Justice of the Oregon Supreme Court
- In office August 15, 2003 – December 31, 2018
- Appointed by: Ted Kulongoski
- Preceded by: Susan M. Leeson
- Succeeded by: Christopher L. Garrett

Judge of the Oregon Court of Appeals
- In office 1999–2003
- Appointed by: John Kitzhaber
- Preceded by: R. William Riggs
- Succeeded by: Darleen Ortega

Personal details
- Born: 1949 (age 76–77)
- Education: Williams College (BA) University of North Carolina, Chapel Hill (MA) Georgetown University (JD)
- Website: Official website

= Rives Kistler =

American judge (born 1949)

Rives Kistler (born 1949) is an American attorney and judge in the state of Oregon. After college and law school on the East Coast, he moved to Oregon where he worked in private practice before joining the Oregon Department of Justice. Kistler then joined the Oregon Court of Appeals before appointment to the Oregon Supreme Court in 2003.

==Education==
Rives Kistler earned his undergraduate degree at Williams College in Williamstown, Massachusetts, earning a BA. He then earned a master's degree at the University of North Carolina before attending law school. Justice Kistler graduated summa cum laude from Georgetown University Law Center in 1981. After graduation, he served as a law clerk for Charles Clark, Chief Judge of the United States Court of Appeals for the Fifth Circuit, and for Justice Lewis F. Powell Jr. of the Supreme Court of the United States.

==Legal career==
On completing his clerkships, Kistler went into private practice as a litigation associate for Stoel Rives LLP in Portland, Oregon from 1983 to 1987. He then moved to the Oregon Department of Justice as an Assistant Attorney General, representing the state in civil and criminal appeals before the state and federal courts from 1987 to 1999.

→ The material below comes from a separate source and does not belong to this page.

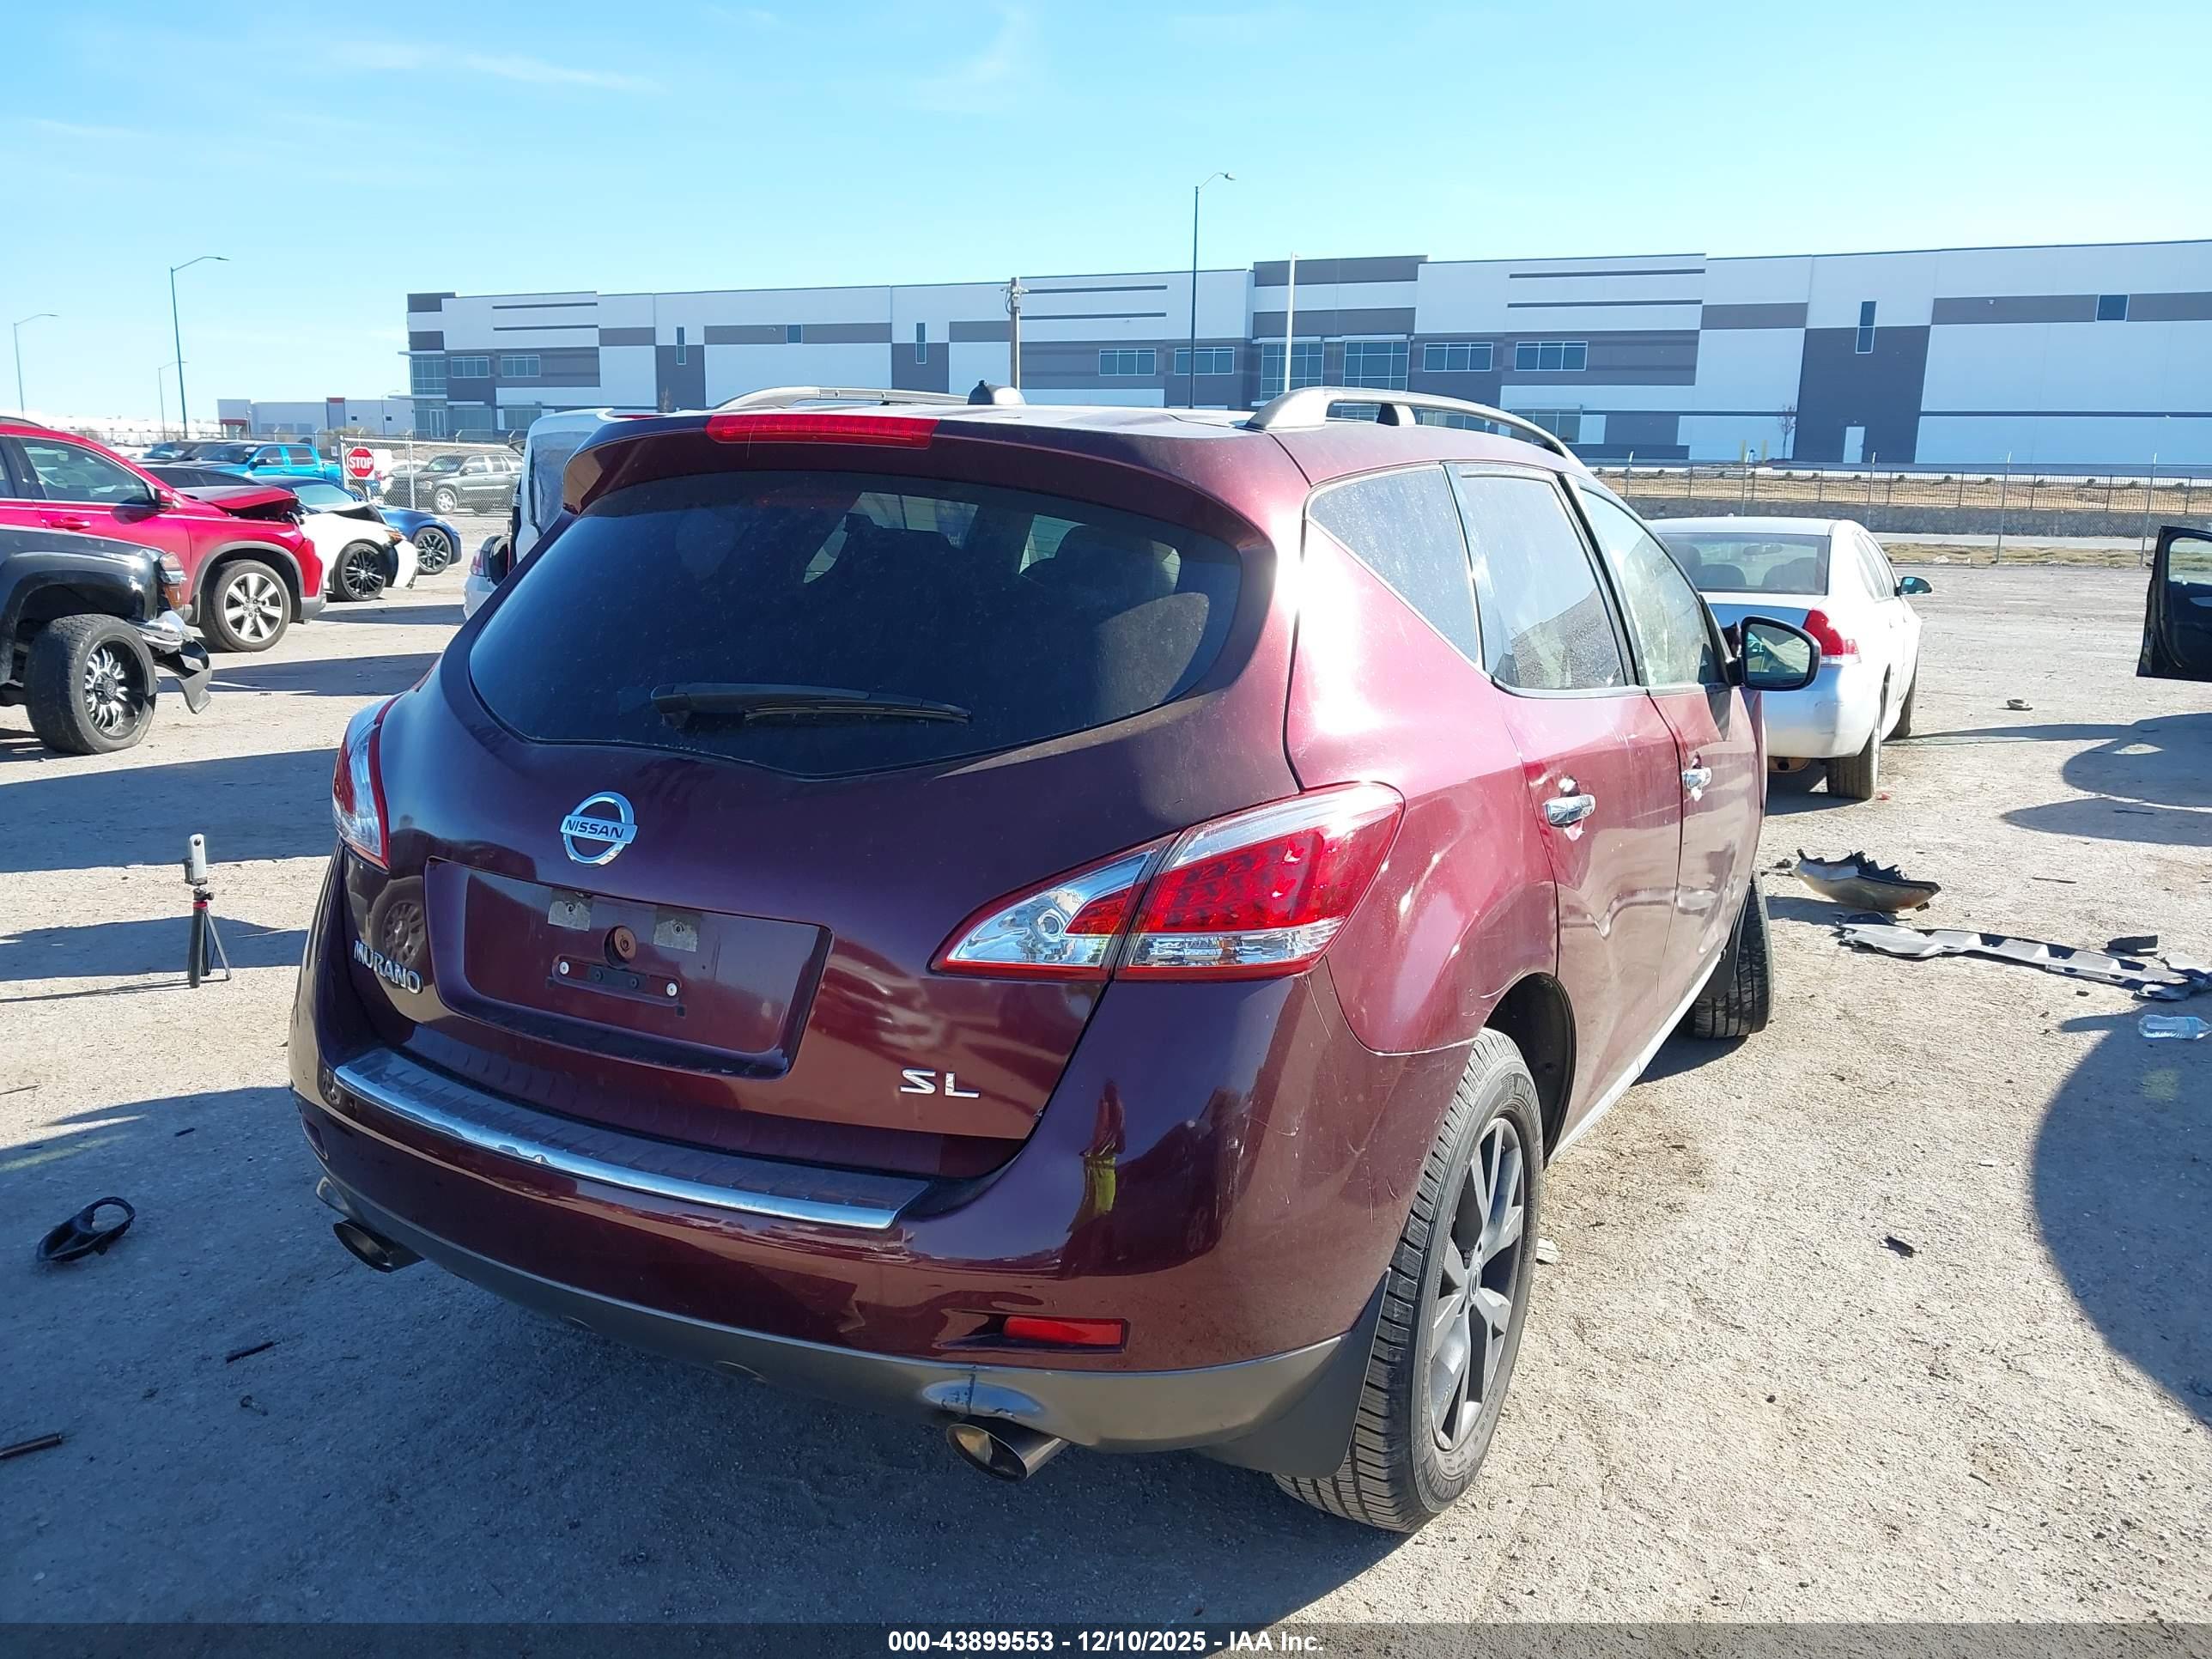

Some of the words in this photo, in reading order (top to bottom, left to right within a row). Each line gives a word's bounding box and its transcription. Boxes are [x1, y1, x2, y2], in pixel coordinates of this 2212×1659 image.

Kistler began his judicial career in 1999 when Oregon Governor John Kitzhaber appointed him to the Oregon Court of Appeals. He started service on that court on January 14, 1999, replacing R. William Riggs who had been elevated to the Oregon Supreme Court. Kistler served on Oregon's intermediate court of appeals until August 14, 2003, when he was himself appointed to the Oregon Supreme Court.

On August 15, 2003, he was appointed to the Oregon Supreme Court to replace Susan M. Leeson who had resigned. Appointed by governor Ted Kulongoski, he won election to a full six-year term in 2004, winning 60 percent of the vote. He ran unopposed for re-election in 2010, winning a second six-year term. In addition to his judicial work, Kistler has taught state constitutional law as an adjunct professor at Lewis & Clark Law School in Portland, Oregon. He is a former member and vice-chair of the Oregon Board of Bar Examiners and a former member of the National Association of Attorneys General Working Groups on criminal law, federalism, and free speech; he served as chair of the working group on free speech.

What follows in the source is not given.